* _What is expected_
For every entry that follows, return the words exactly and omit any picture.

-- Data for analysis follows --

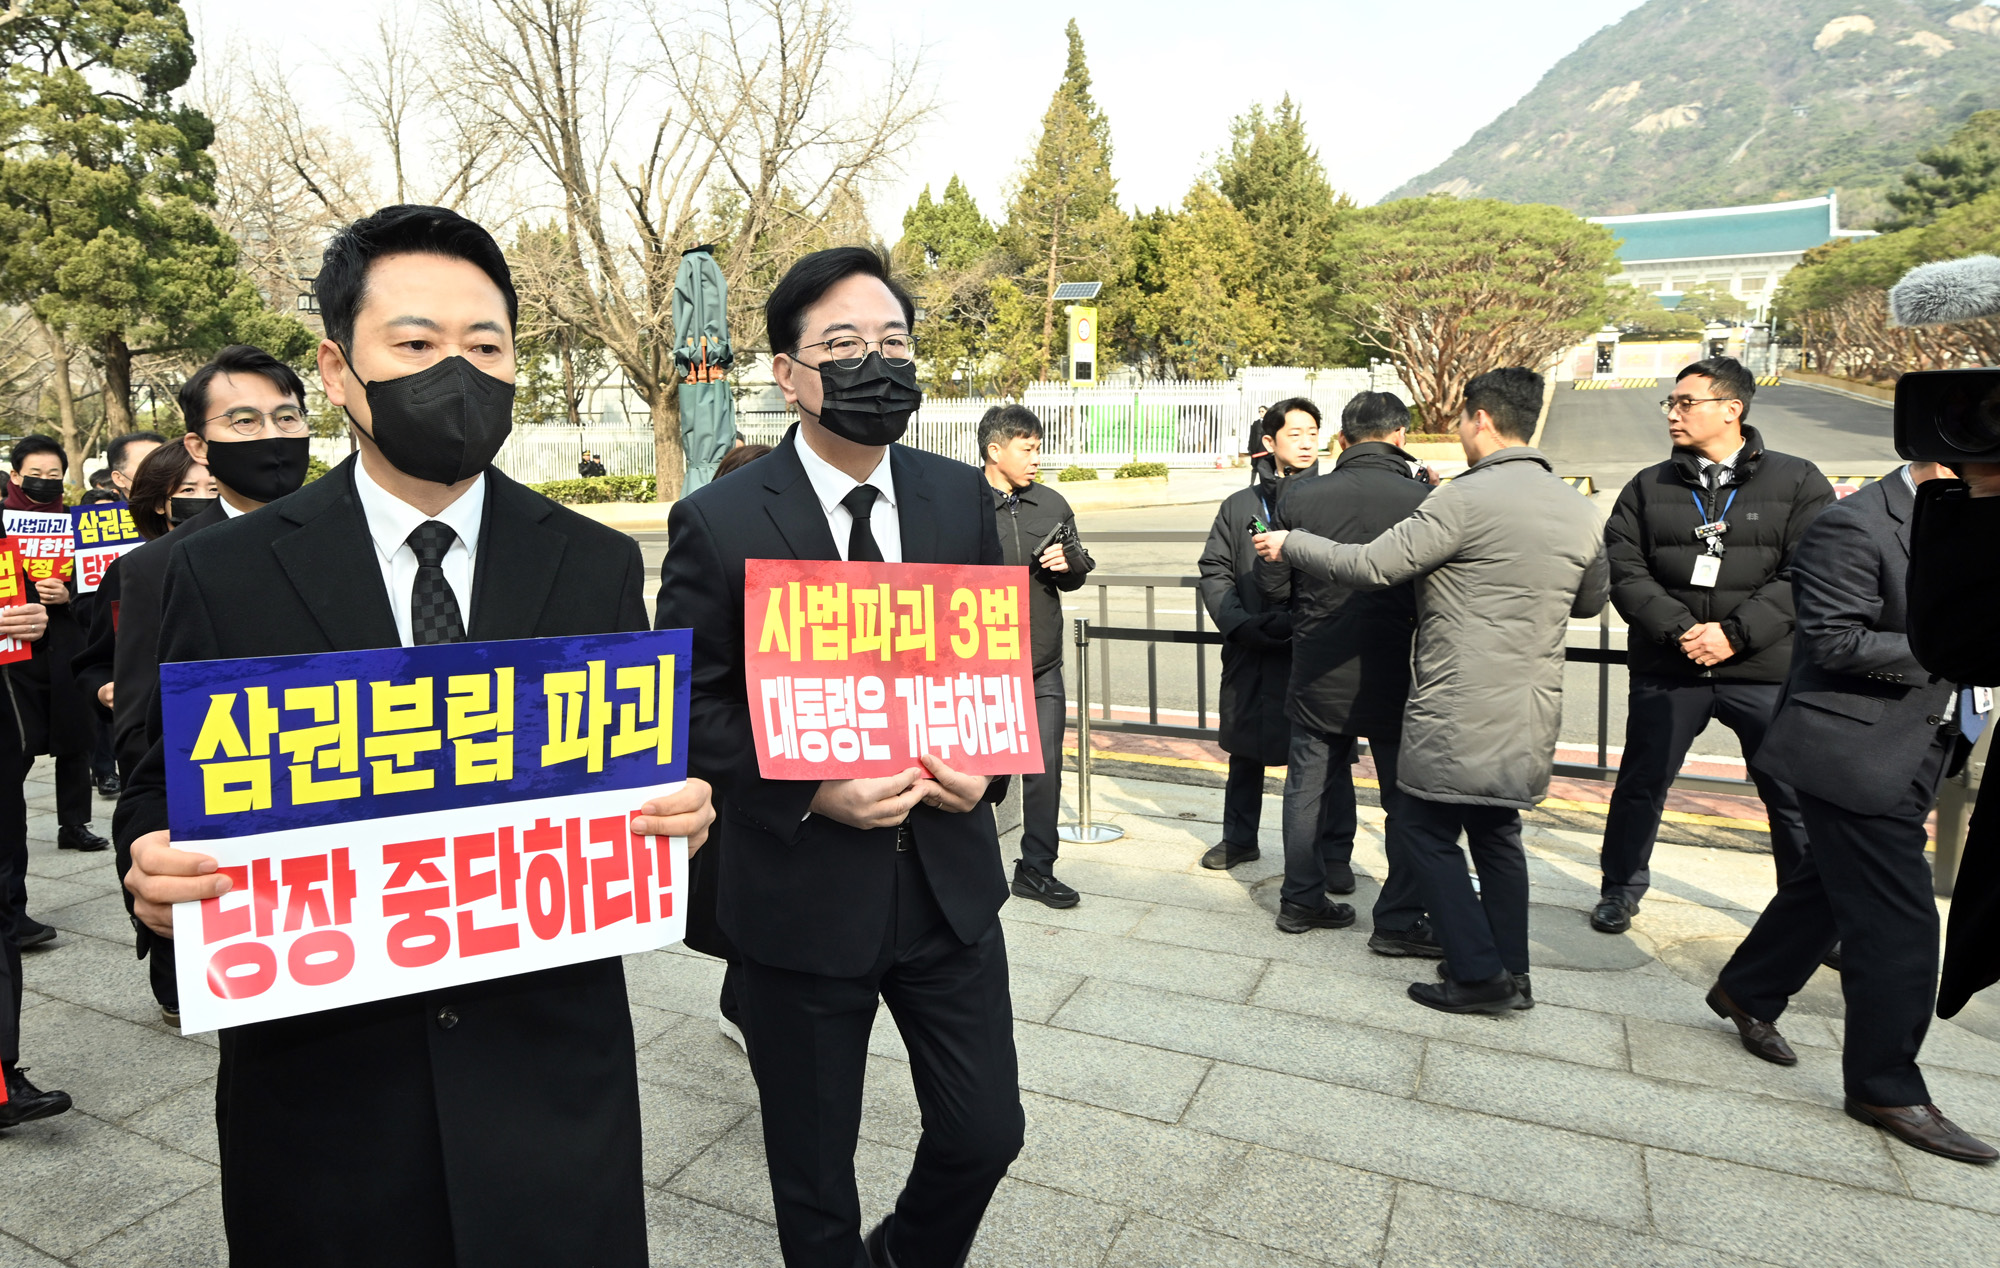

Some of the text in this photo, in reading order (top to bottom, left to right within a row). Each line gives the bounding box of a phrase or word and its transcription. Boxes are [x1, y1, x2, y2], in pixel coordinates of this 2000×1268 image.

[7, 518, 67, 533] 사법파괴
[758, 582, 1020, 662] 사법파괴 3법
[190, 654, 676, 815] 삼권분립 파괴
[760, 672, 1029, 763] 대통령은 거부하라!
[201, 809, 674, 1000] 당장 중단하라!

-- Data for analysis concluded --

* _Output below_
Some of the text in this photo, in reading order (top to bottom, left to right within a row). Each line gives the bounding box of a phrase or word and its transcription. Boxes are [x1, y1, x2, y2], in pixel coordinates of this 2000×1268 image.

[7, 518, 67, 533] 사법파괴
[758, 582, 1020, 662] 사법파괴 3법
[190, 654, 676, 815] 삼권분립 파괴
[760, 672, 1029, 763] 대통령은 거부하라!
[201, 809, 674, 1000] 당장 중단하라!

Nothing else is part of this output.